Breaking News







SU: CARRARESE, MISTER ANTONIO CALABRO E IL PRESIDENTE MANRICOGEMIGNANI
Un condottiero (mister Antonio Calabro) in panchina, un altro (Manrico Gemignani) nelle stanze dei bottoni. Due uomini per una storia, quella della Carrarese calcio, da scrivere, per il secondo anno consecutivo, in serie B. Ormai non si parla più di miracolo, di impresa, ma di una bella realtà fatta da due uomini che, pur molto diversi, hanno un dna comune: la concretezza. Mister Calabro è di poche parole, ha sempre preferito far parlare i risultati. Manrico Gemignani di parole ne ha spese sempre poche, ma quelle giuste. Insomma in mezzo a tanti “fiumi di parole” Calabro e Gemignani per noi meritano di salire.
GIU’: MASSESE, IL PRESIDENTE ANTONIO GERINI E IL DIRETTORE SPORTIVO STEFANO MAZZANTI
Usando uno dei paragoni più taglienti circolati tra i tifosi, “preferirei farmi una crociera su una nave guidata da un capitano capace, che su uno yacht guidato da Schettino”, si può dire che il presidente della Massese Antonio Gerini è stato lo Schettino della prima squadra della città. In 4 anni ha portato i bianconeri a una storica e dolorosissima retrocessione. Quattro anni di gestione fallimentare. I risultati sportivi sono il primo capo d’accusa: il nulla, con la beffa finale della retrocessione. Un bilancio disastroso, aggravato dalle promesse di inizio stagione sempre disattese. Si parlava di play-off come obiettivo minimo, è arrivata la retrocessione.

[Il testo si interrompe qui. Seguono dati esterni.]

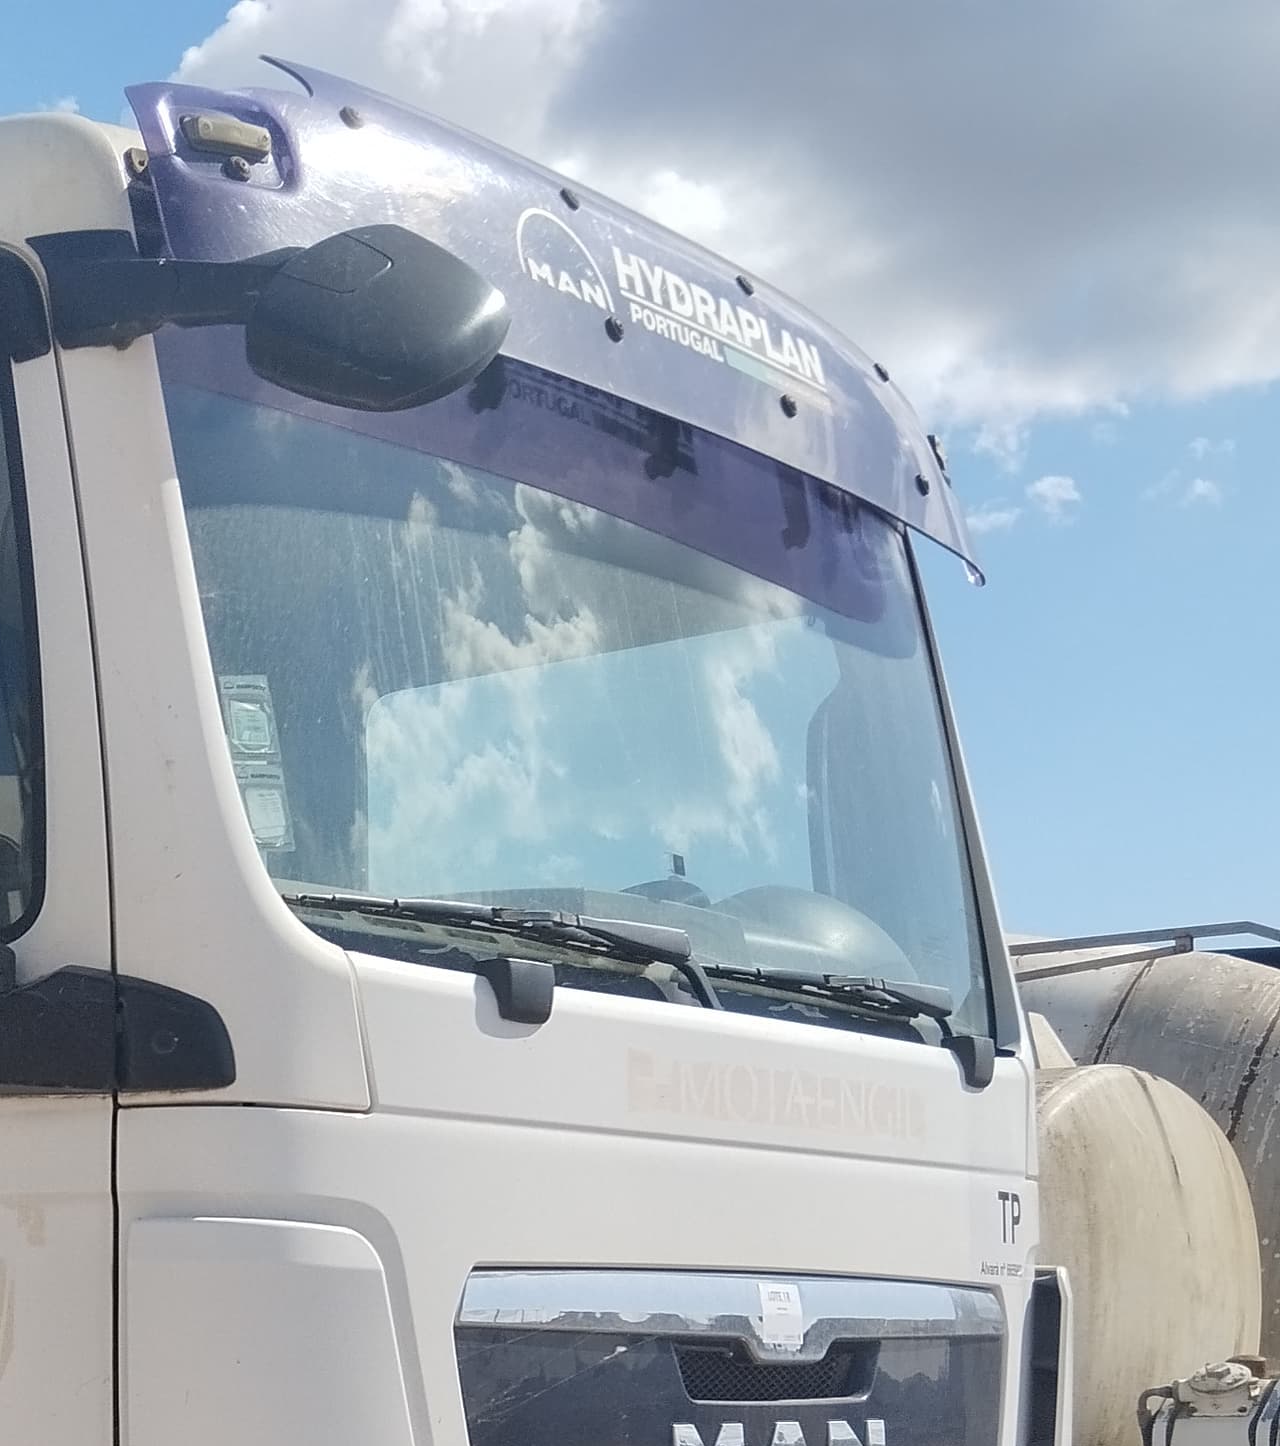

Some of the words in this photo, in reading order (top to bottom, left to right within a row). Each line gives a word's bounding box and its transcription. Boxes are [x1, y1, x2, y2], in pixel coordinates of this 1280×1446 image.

Ma Gerini non affonda da solo. Con lui scende anche il direttore sportivo Stefano Mazzanti. Da un DS ci si aspetta scelte tecniche lucide e la capacità di fare da collante tra spogliatoio e società. Mazzanti non è riuscito né nell’una né nell’altra cosa: mercato sbagliato, squadra costruita male e uno spogliatoio mai veramente unito alla dirigenza. Quando la nave imbarca acqua, servono uomini capaci di tappare le falle. Lui non lo è stato. Per entrambi, la sentenza è una sola: bocciati.